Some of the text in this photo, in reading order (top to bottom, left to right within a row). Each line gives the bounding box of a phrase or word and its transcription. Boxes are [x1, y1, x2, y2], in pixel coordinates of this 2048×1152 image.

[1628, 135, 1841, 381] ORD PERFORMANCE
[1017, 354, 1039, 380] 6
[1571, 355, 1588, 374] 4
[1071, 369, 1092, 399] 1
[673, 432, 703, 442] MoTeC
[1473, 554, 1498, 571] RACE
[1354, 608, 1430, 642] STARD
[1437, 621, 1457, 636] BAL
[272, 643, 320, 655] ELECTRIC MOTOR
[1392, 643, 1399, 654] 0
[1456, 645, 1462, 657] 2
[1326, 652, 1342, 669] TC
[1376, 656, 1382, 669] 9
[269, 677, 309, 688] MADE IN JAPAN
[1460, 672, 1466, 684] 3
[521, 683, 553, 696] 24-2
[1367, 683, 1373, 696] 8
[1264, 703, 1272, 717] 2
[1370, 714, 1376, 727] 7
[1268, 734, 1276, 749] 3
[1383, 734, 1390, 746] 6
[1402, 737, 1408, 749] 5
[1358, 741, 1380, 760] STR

-------------------------

Write down all of the records again, word for word.

Some of the text in this photo, in reading order (top to bottom, left to right within a row). Each line gives the bounding box of a phrase or word and its transcription. Boxes are [x1, y1, x2, y2], in pixel coordinates of this 2048×1152 image.

[1628, 135, 1841, 381] ORD PERFORMANCE
[1017, 354, 1039, 380] 6
[1571, 355, 1588, 374] 4
[1071, 369, 1092, 399] 1
[673, 432, 703, 442] MoTeC
[1473, 554, 1498, 571] RACE
[1354, 608, 1430, 642] STARD
[1437, 621, 1457, 636] BAL
[272, 643, 320, 655] ELECTRIC MOTOR
[1392, 643, 1399, 654] 0
[1456, 645, 1462, 657] 2
[1326, 652, 1342, 669] TC
[1376, 656, 1382, 669] 9
[269, 677, 309, 688] MADE IN JAPAN
[1460, 672, 1466, 684] 3
[521, 683, 553, 696] 24-2
[1367, 683, 1373, 696] 8
[1264, 703, 1272, 717] 2
[1370, 714, 1376, 727] 7
[1268, 734, 1276, 749] 3
[1383, 734, 1390, 746] 6
[1402, 737, 1408, 749] 5
[1358, 741, 1380, 760] STR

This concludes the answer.